Dopo la segnalazione di un caso nel Tennessee, si parla di allarme mucca pazza negli Stati Uniti. Ecco cosa c’è di vero e perché non c’è motivo di preoccuparsi.
Nelle ultime ore è stato segnalato un caso di mucca pazza negli Stati Uniti e alla diffusione della notizia sono immediatamente seguiti allarmismi e preoccupazioni. In realtà, non c’è ragione di pensare a un allarme mucca pazza e tanto meno a una possibile epidemia. Il caso segnalato, infatti, non fa presupporre alcuna caratteristica di rischio.
Allarme mucca pazza negli Stati Uniti, cosa c’è di vero
Il dipartimento dell’agricoltura statunitense ha comunicato la scoperta di un caso di mucca pazza, dando prova di un sistema di controllo piuttosto rapido ed efficiente. In particolare, l’animale in questione è affetto da una forma particolare di mucca pazza, (tecnicamente chiamata encefalopatia spongiforme bovina) del tutto atipica.
In particolare, questa forma di malattia è diversa da quella conosciuta durante l’epidemia degli anni ‘90, in quanto spontanea e con cause di contagio non ancora identificate. Nonostante ciò, il fattore di rischio è pressoché nullo, dato il raro contagio e il sistema di sorveglianza. Proprio grazie all’efficienza dei controlli, infatti, una volta isolato il caso l’animale non è stato neanche macellato.
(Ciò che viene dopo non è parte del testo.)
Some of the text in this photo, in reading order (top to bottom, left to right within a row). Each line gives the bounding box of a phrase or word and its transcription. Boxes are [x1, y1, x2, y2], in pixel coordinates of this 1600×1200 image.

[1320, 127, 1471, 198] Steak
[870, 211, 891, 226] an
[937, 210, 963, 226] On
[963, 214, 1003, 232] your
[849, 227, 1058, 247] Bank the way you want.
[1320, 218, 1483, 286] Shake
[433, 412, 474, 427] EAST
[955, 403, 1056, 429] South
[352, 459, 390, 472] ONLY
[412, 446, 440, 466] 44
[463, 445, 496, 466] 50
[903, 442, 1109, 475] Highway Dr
La scoperta della mucca malata, originaria del Tennessee, non dovrebbe pertanto preoccupare tanto. Si tratta del settimo caso in tutto il paese, un fattore molto basso per poter anche solo pensare a un allarme. L’Organizzazione mondiale per la salute animale (Woah per usare l’acronimo statunitense) ha peraltro ricordato che esiste una specifica suddivisione del rischio sanitario. Nel dettaglio, gli Stati Uniti appartengono alle aree a rischio trascurabile, così come l’Italia e gran parte dell’Europa.
La trascurabilità del rischio deriva principalmente da tre aspetti che contribuiscono a mantenere il pericolo sotto una soglia rilevabile, nel dettaglio:
- La funzionalità del sistema di sorveglianza per la salute animale;
- l’assenza di casi indigeni di mucca pazza in animali nati dopo il 2012;
- la presenza di normative stringenti sui mangimi, soprattutto il divieto di somministrare ai ruminanti alimenti ottenuti a loro volta da altri ruminanti.
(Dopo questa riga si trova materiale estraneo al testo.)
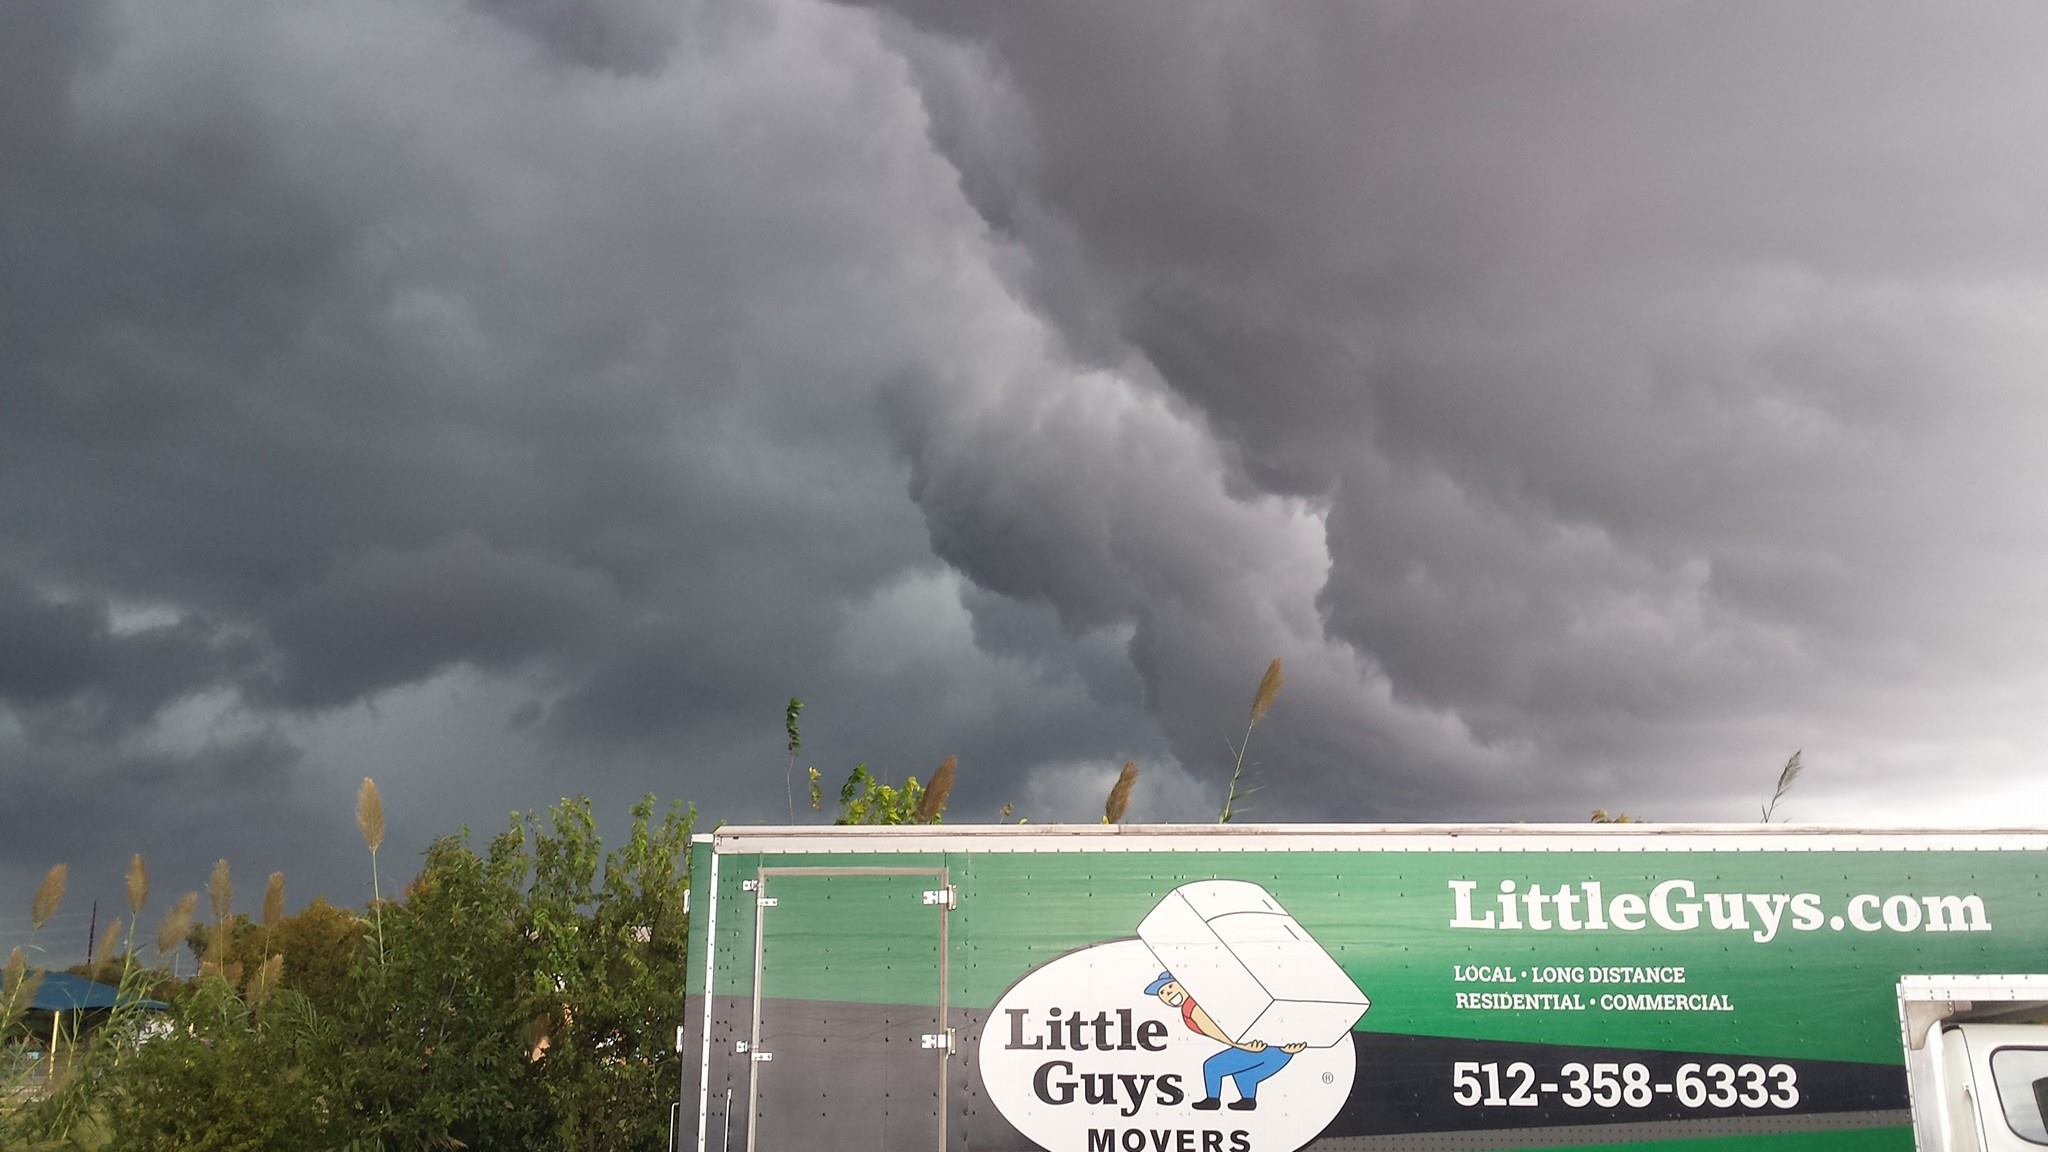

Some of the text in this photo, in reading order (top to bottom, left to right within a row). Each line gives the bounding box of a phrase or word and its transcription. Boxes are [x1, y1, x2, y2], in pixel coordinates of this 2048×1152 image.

[1448, 879, 1991, 942] LittleGuys.com
[1454, 965, 1686, 984] LOCAL LONG DISTANCE
[1455, 992, 1734, 1012] RESIDENTIAL COMMERCIAL
[1004, 1007, 1168, 1051] Little
[1033, 1060, 1184, 1117] Guys
[1452, 1061, 1800, 1109] 512-358-6333
[1088, 1128, 1251, 1152] MOVERS
Nell’insieme, l’attuazione di queste precauzioni e il ridottissimo numero dei casi sono molto rassicuranti in tema di rischio sanitario. Anzi, proprio la rapidità con cui il caso è stato individuato dovrebbe rassicurare sull’operosità dei controlli.
Cos’è la mucca pazza e perché non serve preoccuparsi
La mucca pazza è una malattia neurologica, degenerativa e irreversibile che colpisce per l’appunto i bovini. Il nome scientifico è encefalopatia spongiforme bovina, nota anche come Bse (dall’acronimo del corrispettivo inglese). Il nome convenzionale di mucca pazza deriva proprio dagli insoliti cambiamenti comportamentali (ad esempio l’aggressività) che figurano tra i sintomi principali.
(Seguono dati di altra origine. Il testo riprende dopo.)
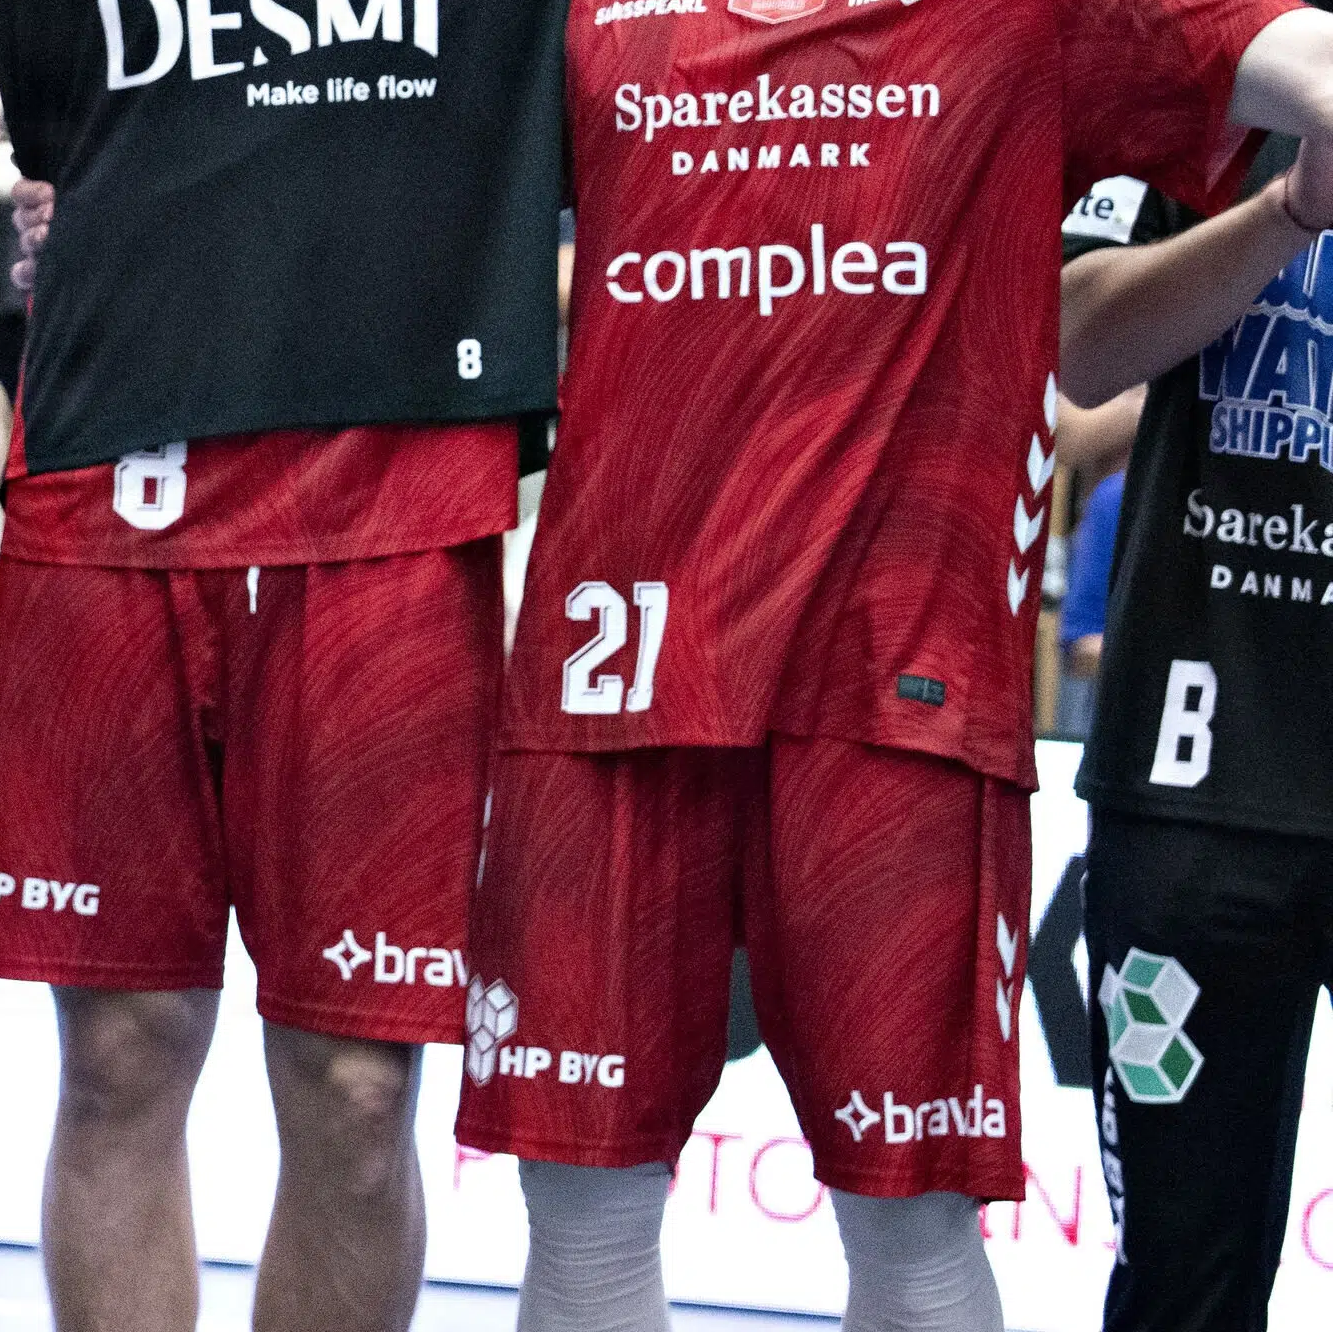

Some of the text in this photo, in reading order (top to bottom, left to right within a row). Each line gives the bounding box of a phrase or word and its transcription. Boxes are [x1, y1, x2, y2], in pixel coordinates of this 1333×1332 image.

[246, 74, 438, 108] Make life flow
[614, 72, 940, 142] Sparekassen
[671, 142, 871, 176] DANMARK
[605, 223, 928, 317] complea
[456, 338, 483, 380] 8
[561, 581, 669, 715] 21
[1149, 659, 1219, 789] B
[21, 876, 100, 917] BYG
[499, 1045, 626, 1089] HP BYG
[883, 1083, 1007, 1144] bravda
Nonostante la malattia sia stata praticamente debellata, ancora oggi sono ignote diverse caratteristiche che la riguardano. È comunque certo che a causarla sia una proteina “difettosa” e che il principale mezzo di contagio siano i mangimi infettati da altri animali malati. Proprio per questo, l’accurato controllo dei mangimi è fondamentale a tenere sotto controllo qualsiasi possibile diffusione.
A livello globale, ormai, la mucca pazza non costituisce un rischio apprezzabile, come ricorda il Woah, ma in passato non è stato così. Le proteine che causano la mucca pazza, infatti, sono responsabili anche della vCJD (variante Creutzfeldt-Jakob) in grado di infettare l’uomo e portare a conseguenze disastrose, proprio come è successo negli 90.
I casi più recenti, però, oltre a essere isolati sono perlopiù dovuti alla forma spontanea di Bse, che sorge senza nessuna causa particolare e soprattutto senza un precedente contatto con cibo o materiali infettati. Nonostante non sia ancora chiara la causa originaria che porta alla formazione delle proteine responsabili (i prioni), gli esperti ritengono probabile che questa forma atipica sia influenzata soprattutto dalla genetica e da fattori ambientali. Di conseguenza, non si può supporre la presenza di altri animali contagiati ed è altrettanto escludibile un nuovo contagio, dato che la mucca del Tennessee non è stata macellata (e la malattia non sembra trasmettersi diversamente).